Ned and I found a small bug in my code where a var wasn't getting reinitalized...I got that fixed then we tried getting the routeing stuff to work again...without any luck. We next tried changing files (/etc/network/options) to match the ones in noether, but that didn't help eather. After that we took a brake on that and tried to find out the block size for ext2..this took a little longer then it should have, mostly because we keep finding references to the max block size, not the default. We finally found it by running some kind of dump on the ext2 filesystem that told us lots of info about it, which said it was 4092bits or 4Kbytes so we changed the pvfs to use that. This doesn't seem to have helped the proformence out any though...at least based on hassan's first data from the database entry times. We then went back to working on the routeing...doing the kernel recompiling, which didn't seem to help eather. Ned just installed routed but we haven't configured it yet.

6/22/01 Friday

Today we sorted though the hardware list and distributed out some jobs for us to work on on fridays. Hassan and I decided to work on the UV sensor that I had worked on for my final project in EI. It is at the point where most of the hardware should be done and we need to get the program working that we will use to find out whats coming in from the hardware via serial port. I finally found where the program was stashed at and copied it to mine and hassn's home directories. I then showed hassan what we had done, which was very little and didn't work correctly at that. We also spent a good amount of time searching for the block size that the ex2 file system uses and then change pvfs to match so that they are not fragmenting.

6/25/01 Monday

Today we did a list sort and report. I handed the iostone stuff over to abby and told her what I had changed on it and we talked about what still needed to be done...testing with a stand alone program on a local hard drive. Ned and I also did some more routing stuff with the athena cluster. We decided that we should try and specify the exact ip of the next computer in the path of the route as a gateway in the routing table, instead of just leaveing the default which we thought was anything.
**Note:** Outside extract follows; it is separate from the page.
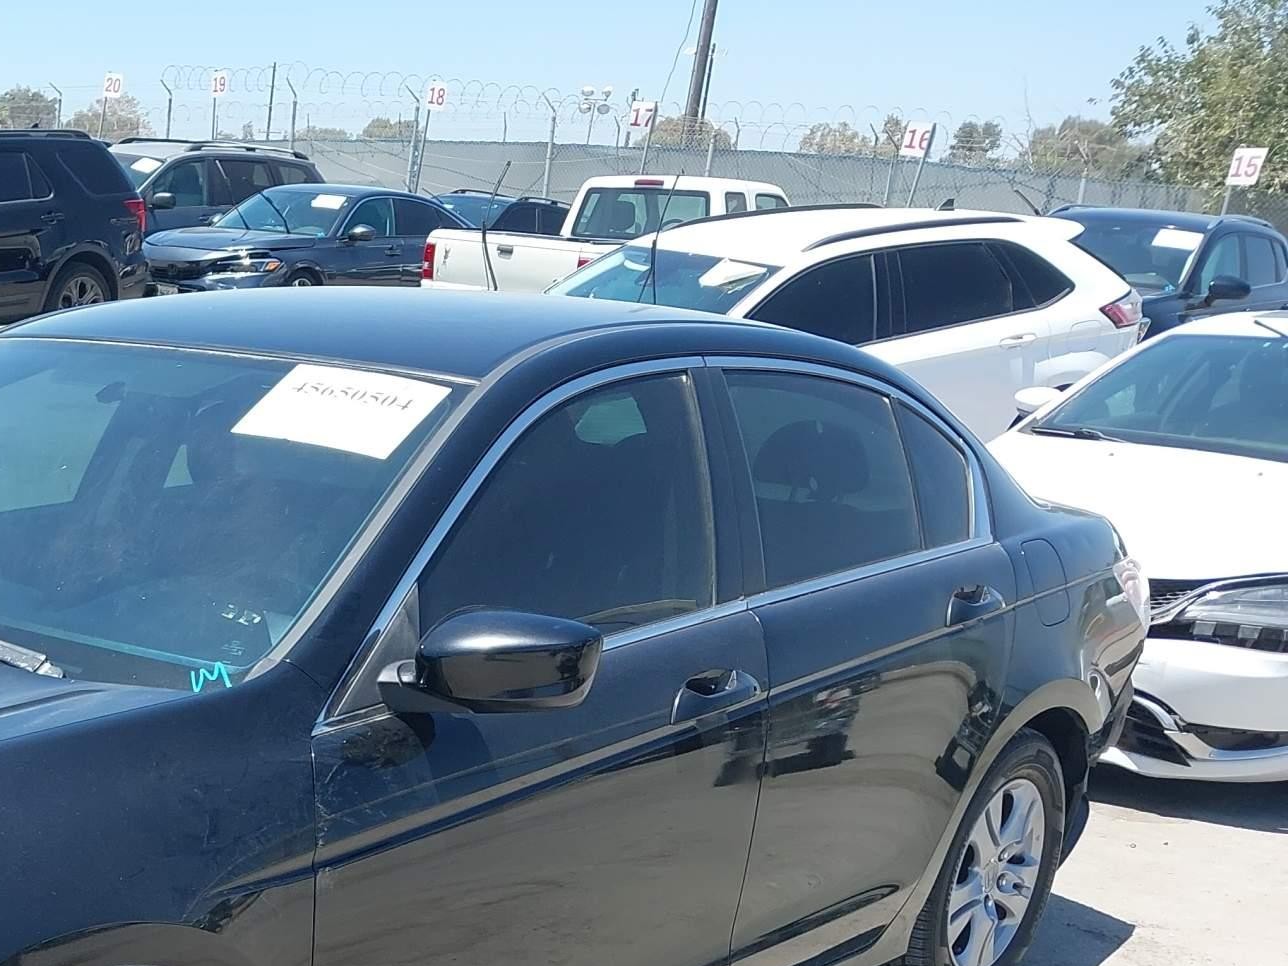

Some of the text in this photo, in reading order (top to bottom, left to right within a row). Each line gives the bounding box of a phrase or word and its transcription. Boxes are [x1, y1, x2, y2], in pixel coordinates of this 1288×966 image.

This seemed to work a little better. We started getting limited packet forwarding....what it seemed to do was send the packet though the first "gateway" but when it reached the next computer, weather it was a gateway or the destination host, it wouldn't continue on. We played around with this for quite a long time before we were convinced that we were completely baffaled.
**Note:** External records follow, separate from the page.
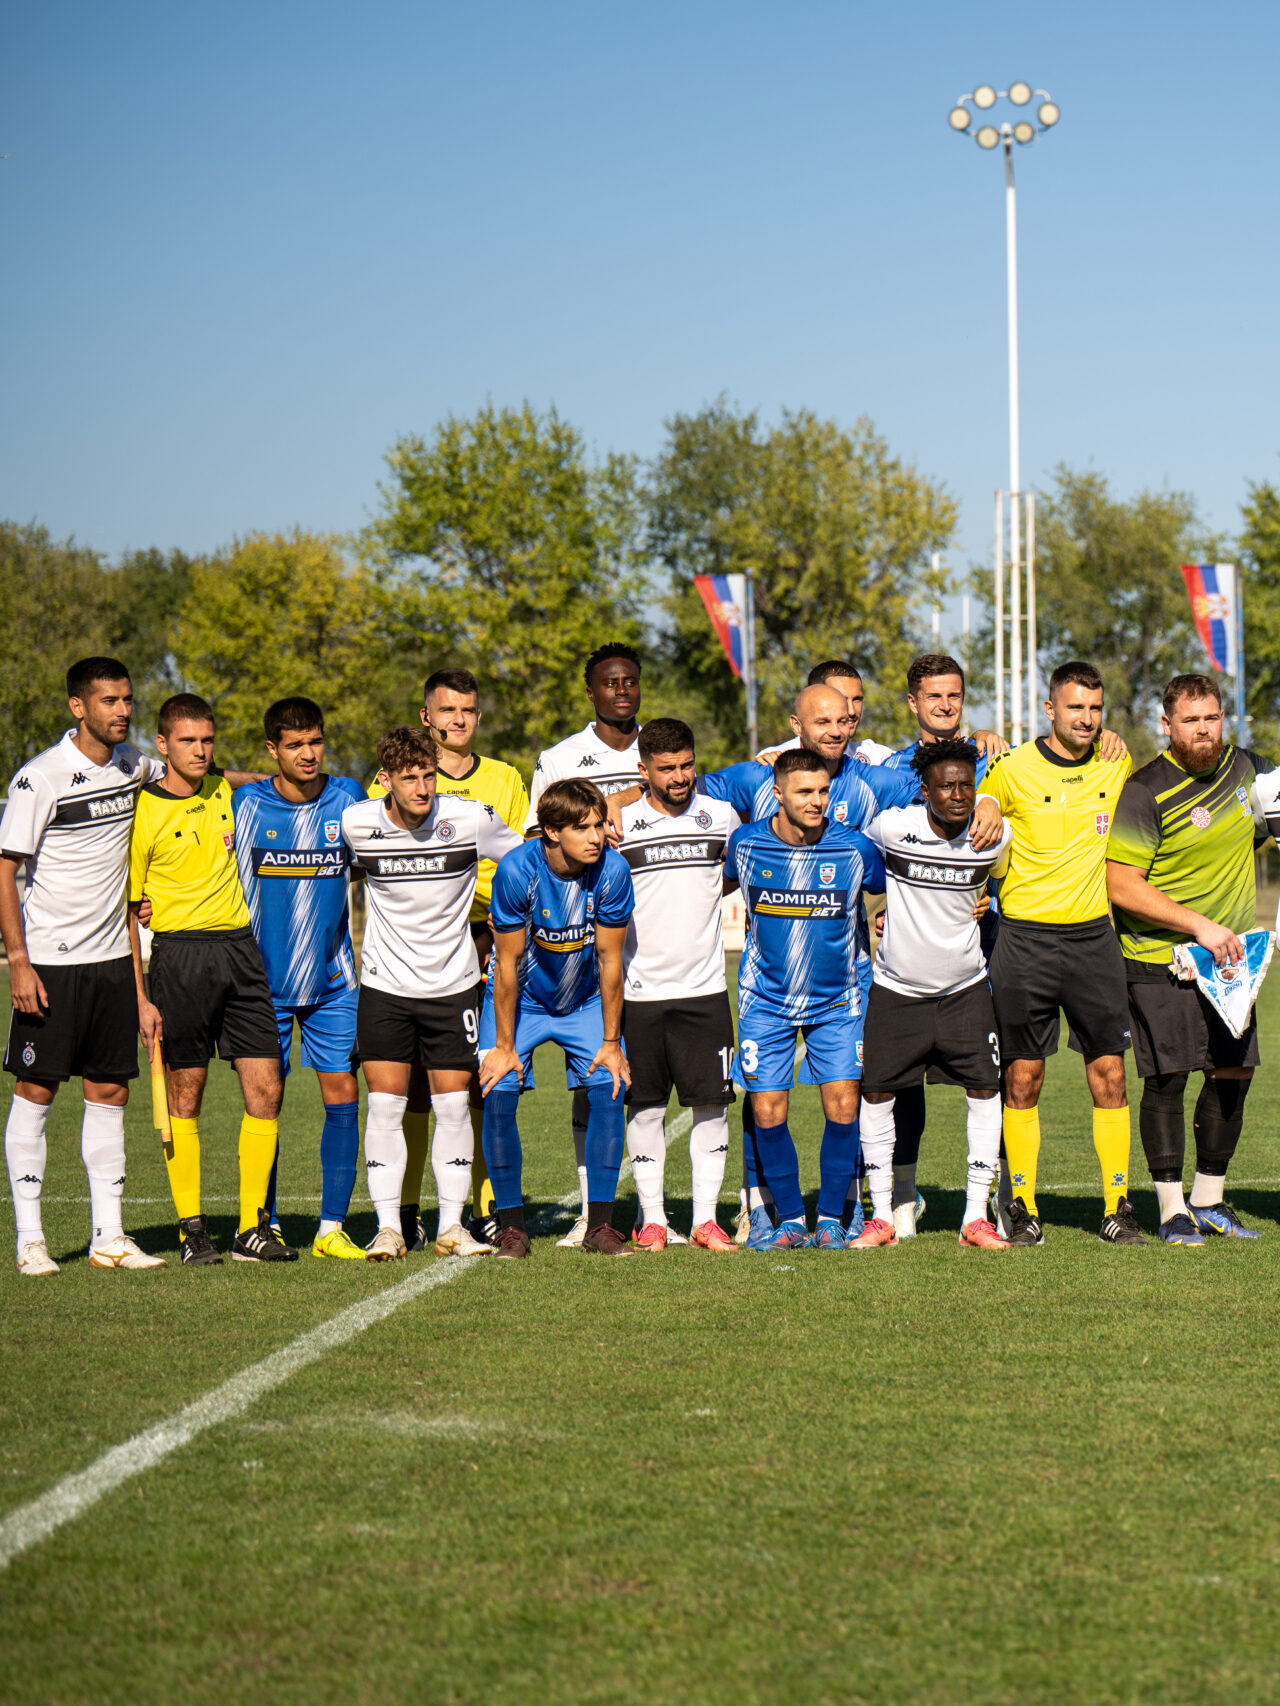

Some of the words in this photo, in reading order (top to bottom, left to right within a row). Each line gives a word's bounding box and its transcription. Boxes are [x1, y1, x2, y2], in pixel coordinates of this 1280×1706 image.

[87, 792, 135, 819] MAXBET
[261, 851, 344, 866] ADMIRAL
[645, 843, 708, 863] MAXBET
[317, 864, 344, 877] BET
[378, 855, 447, 874] MAXBET
[908, 863, 976, 884] MAXBET
[758, 890, 842, 906] ADMIRAL
[811, 907, 841, 917] BET
[741, 1039, 759, 1073] 3
After that I finished up the day by doing a little work on the perl script that would do the snmpwalk to find out which computers in a cluster were up so that C3 could be run on them.

6/26/01 Tuesday

The first thing i did today was start working on some little scripts that use snmp to probe a cluster and find out which of the computers are up. This creates a list of the computers which are running which can then be used by C3 as the computers to execute the commands on, instead of letting it try and execute on all of them, which takes a really long time.
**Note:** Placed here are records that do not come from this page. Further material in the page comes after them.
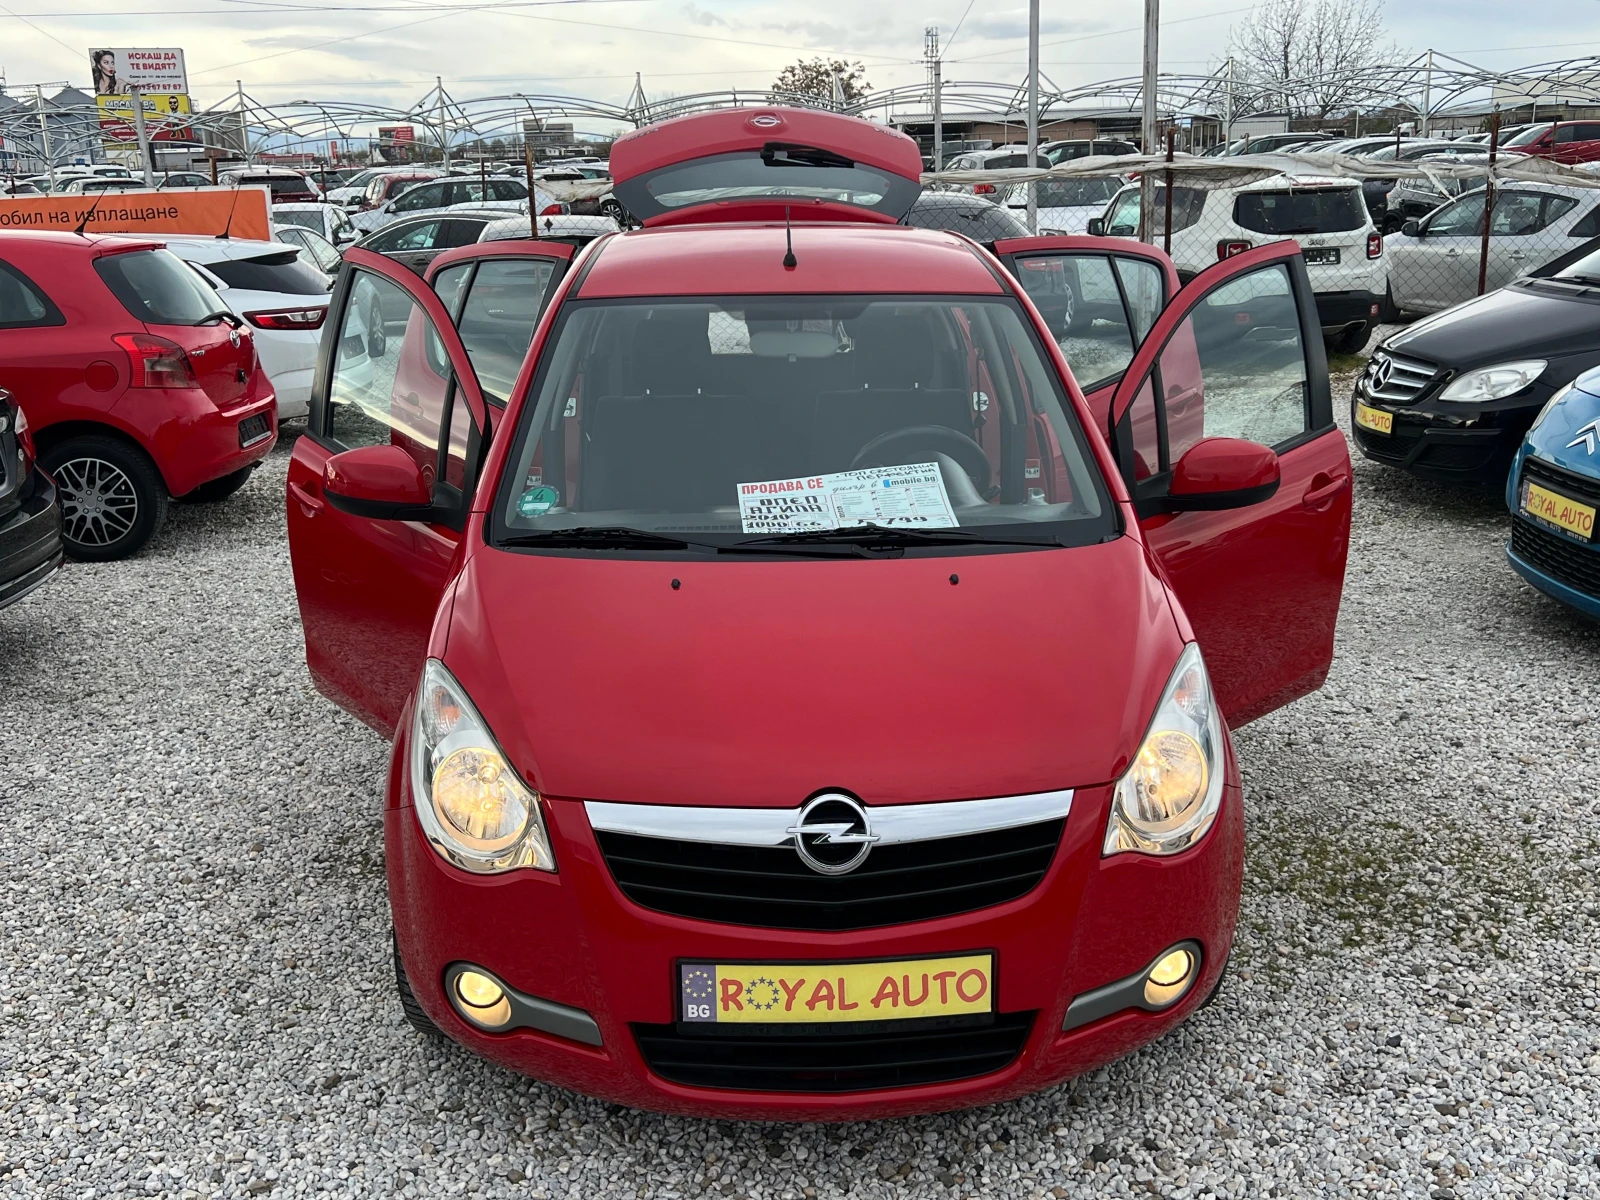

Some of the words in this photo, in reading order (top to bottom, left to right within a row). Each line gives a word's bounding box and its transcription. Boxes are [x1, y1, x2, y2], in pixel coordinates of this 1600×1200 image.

[128, 52, 161, 60] ИСКАШ
[163, 52, 177, 61] ДА
[130, 62, 141, 70] ТЕ
[142, 62, 177, 71] ВИДЯТ?
[48, 210, 70, 224] на
[75, 206, 179, 223] изплащане
[1369, 413, 1391, 430] AUTO
[741, 479, 804, 495] ПРОДАВА
[807, 477, 825, 489] СЕ
[891, 475, 936, 486] mobile.bg
[533, 489, 545, 502] 4
[1559, 505, 1593, 532] AUTO
[719, 976, 859, 1012] ROYAL
[870, 968, 988, 1009] AUTO
[687, 1003, 711, 1019] BG
When I finished one of these scripts for the acl and the athena clusters I started working on a bash script which starts up all of the pvfs components (pvfsd, iod, and mount.pvfs) at boot time on the athena cluster. While doing this I also tried doing some other various things on the routing for the athena cluster with Ned, with no luck. While working on the bash script I found out that the pvfsd will not start on the kernel that Ned made trying to get the ip forwarding to work....and since it didn't work we are going to revert back to the old kernel.

6/27/01 Wenesday

I finished up the bash script that does the start up of all of the pvfs components. I reconfigured the bash script on noether so that it doesn't start up iod and does start mgr...didn't find this till noether was rebooted and the pvfs didn't come back up. I also updated the admin page to include all of the tools that I've written so far for the acl and athena clusters. I put a copy of them in the ~admin/sysadmins/utils and made a link to utils in the www directory so the source could be displayed on the page. Ned and Hassan also came up with the idea that it would be cool if I changed my perl acl_up.pl to be cgi so we could see the status of the acl faster then dingman's pgp pinging program. The problem with this is it took me a long time to figure out what I needed to do with cgi....and my program writes a some files while its running...which doesn't mesh well with cgi...so I gave up for now.

6/27/01 Wenesday

I finalized the pvfsd bash script and put it in the image. Ned had reimaged them before I'd gotten it in so had to put it back on all of them. After that I pretty much just did reading on the folding@home page and some of the recomended reading that they had at the bottom of there page. Learned some interesting stuff about what it is we are doing...makes me feel a little better :)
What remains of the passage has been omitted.